[[ LISTED RECORDS open ]]

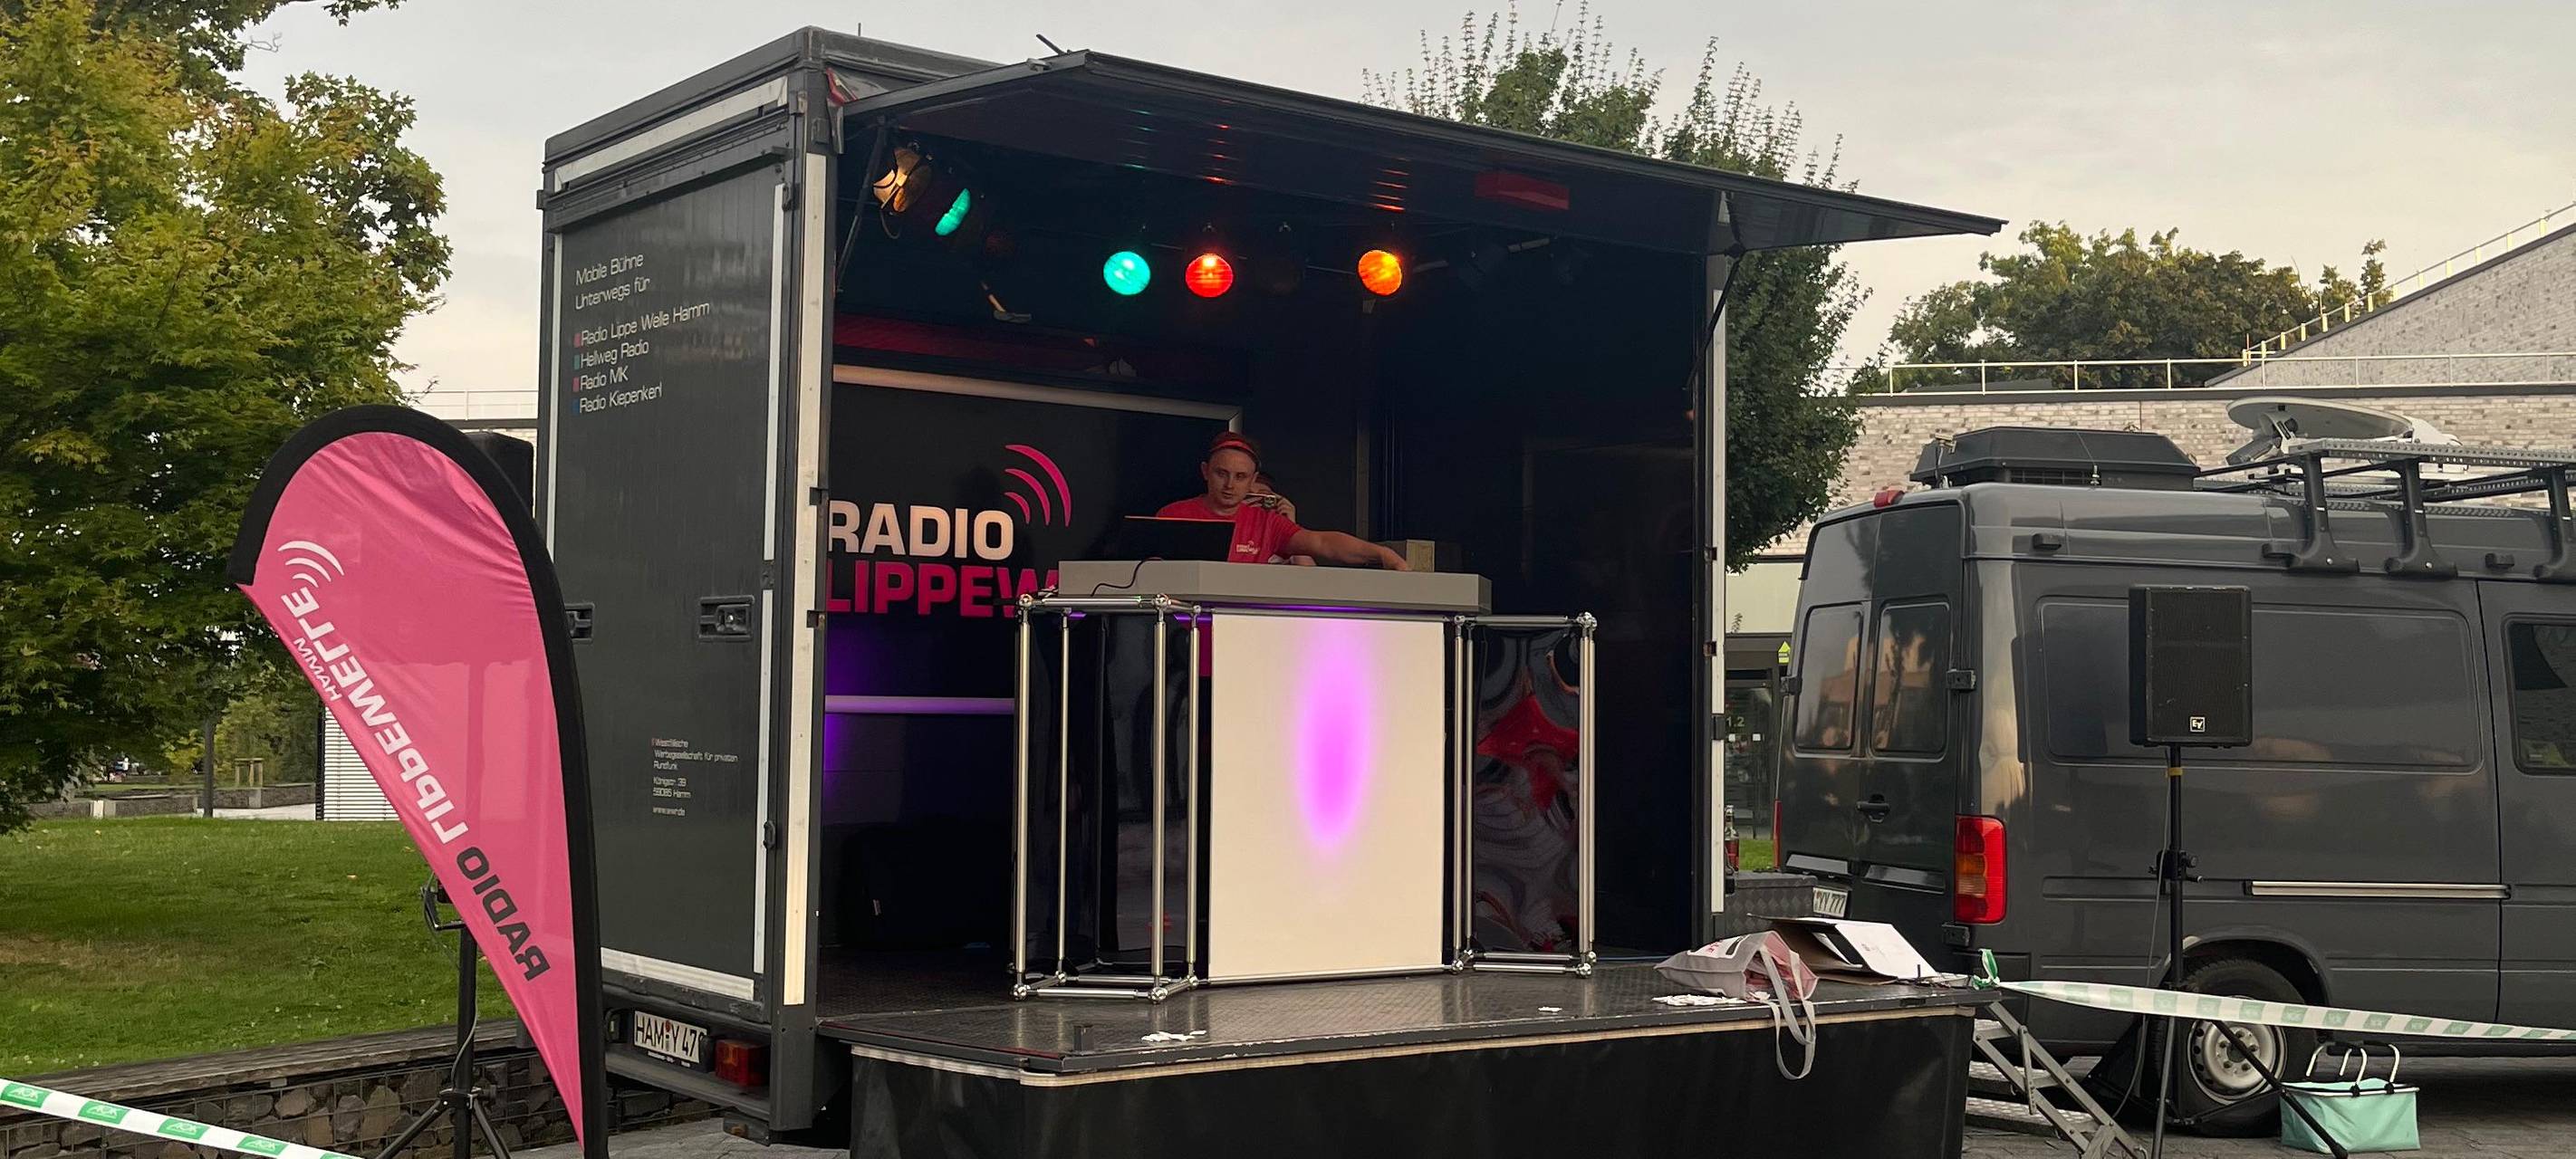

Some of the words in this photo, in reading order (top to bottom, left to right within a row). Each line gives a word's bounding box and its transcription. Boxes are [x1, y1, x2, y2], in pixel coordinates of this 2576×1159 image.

[575, 263, 608, 286] Mobile
[610, 254, 644, 276] Bühne
[575, 282, 630, 310] Unterwegs
[634, 276, 650, 293] für
[581, 327, 608, 347] Radio
[610, 320, 638, 340] Lippe
[641, 312, 669, 331] Welle
[673, 302, 710, 323] Hamm
[580, 347, 618, 369] Hellweg
[620, 340, 649, 359] Radio
[580, 372, 607, 391] Radio
[610, 366, 630, 384] MK
[580, 394, 606, 414] Radio
[609, 381, 662, 407] Kiepenkerl
[828, 500, 1014, 560] RADIO
[636, 1016, 664, 1049] HAM
[671, 1025, 679, 1052] Y

[[ LISTED RECORDS closed ]]

#### WHAT YOU HAVE TO DO:
Across all the lines above, repeat the wording exactly and omit the pictures.

#### RESULT OF THIS TASK:
Some of the words in this photo, in reading order (top to bottom, left to right within a row). Each line gives a word's bounding box and its transcription. Boxes are [x1, y1, x2, y2], in pixel coordinates of this 2576×1159 image.

[575, 263, 608, 286] Mobile
[610, 254, 644, 276] Bühne
[575, 282, 630, 310] Unterwegs
[634, 276, 650, 293] für
[581, 327, 608, 347] Radio
[610, 320, 638, 340] Lippe
[641, 312, 669, 331] Welle
[673, 302, 710, 323] Hamm
[580, 347, 618, 369] Hellweg
[620, 340, 649, 359] Radio
[580, 372, 607, 391] Radio
[610, 366, 630, 384] MK
[580, 394, 606, 414] Radio
[609, 381, 662, 407] Kiepenkerl
[828, 500, 1014, 560] RADIO
[636, 1016, 664, 1049] HAM
[671, 1025, 679, 1052] Y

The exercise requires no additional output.